## What is being asked
Repeat all of the records exactly, leaving out the pictures.

Material to process: Begin

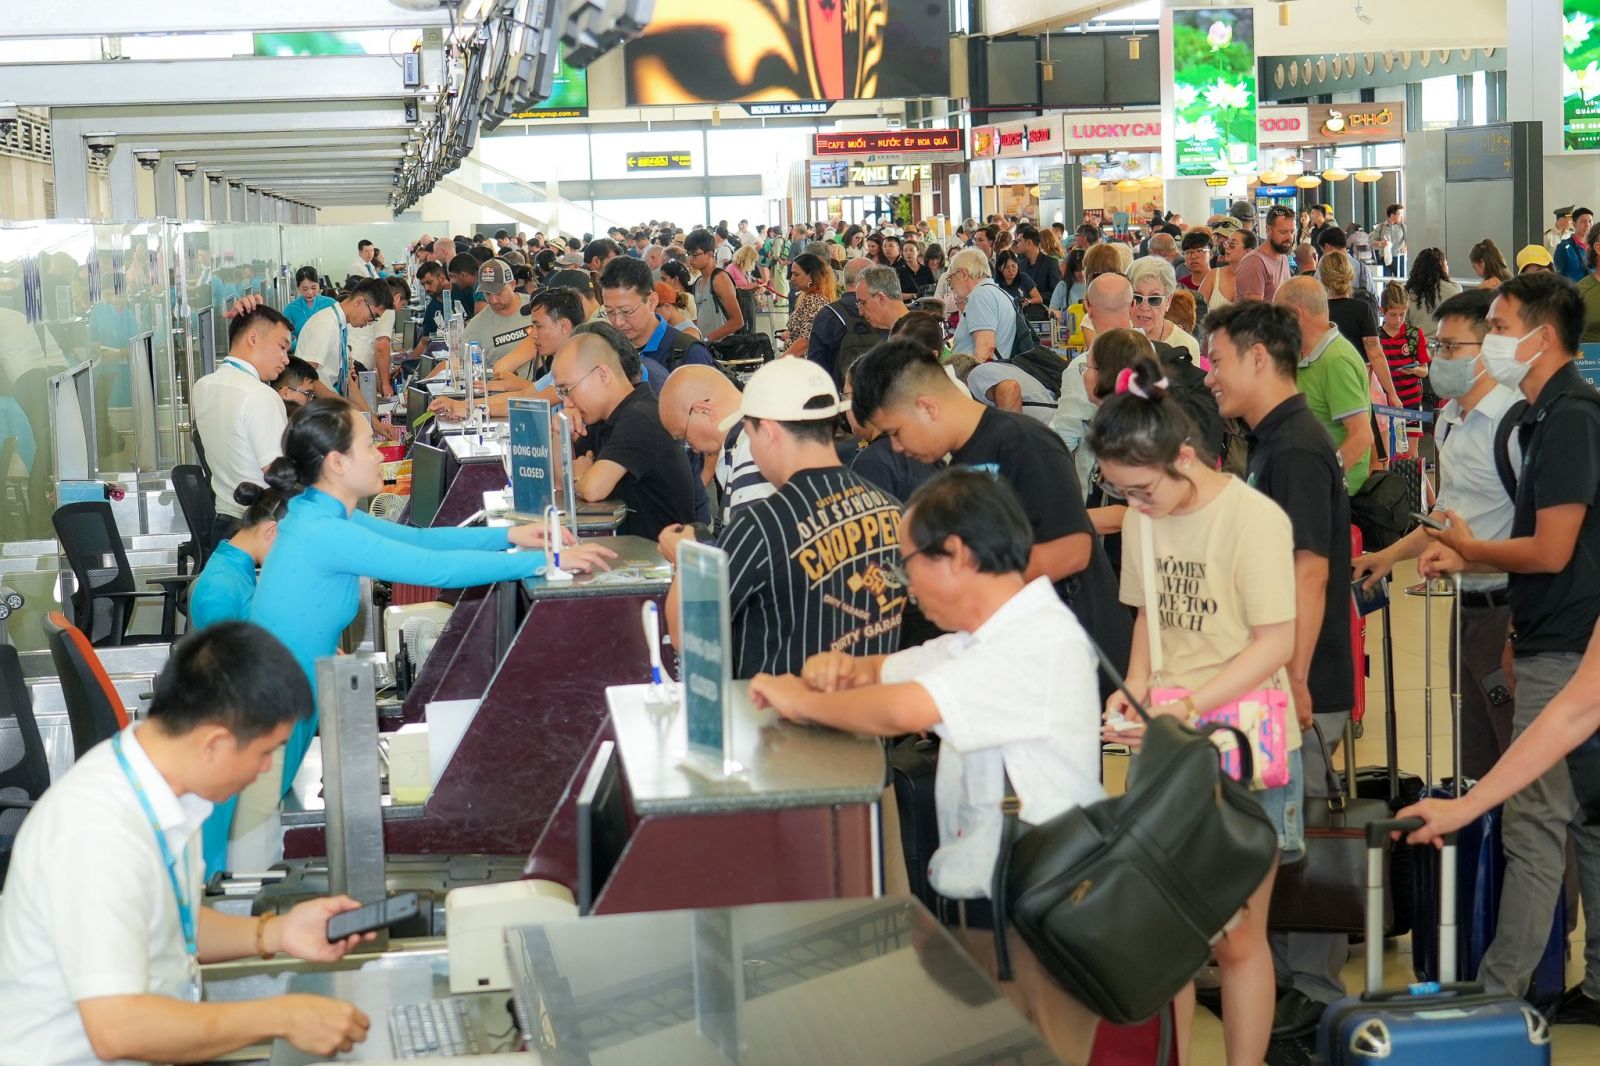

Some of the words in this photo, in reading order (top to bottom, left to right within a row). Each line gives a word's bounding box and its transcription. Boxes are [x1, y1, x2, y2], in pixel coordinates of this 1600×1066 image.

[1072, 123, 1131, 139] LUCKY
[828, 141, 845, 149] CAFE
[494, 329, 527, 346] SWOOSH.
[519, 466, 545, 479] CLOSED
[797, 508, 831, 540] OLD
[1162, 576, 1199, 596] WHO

Material to process: End

## Final answer
Some of the words in this photo, in reading order (top to bottom, left to right within a row). Each line gives a word's bounding box and its transcription. Boxes are [x1, y1, x2, y2], in pixel coordinates of this 1600×1066 image.

[1072, 123, 1131, 139] LUCKY
[828, 141, 845, 149] CAFE
[494, 329, 527, 346] SWOOSH.
[519, 466, 545, 479] CLOSED
[797, 508, 831, 540] OLD
[1162, 576, 1199, 596] WHO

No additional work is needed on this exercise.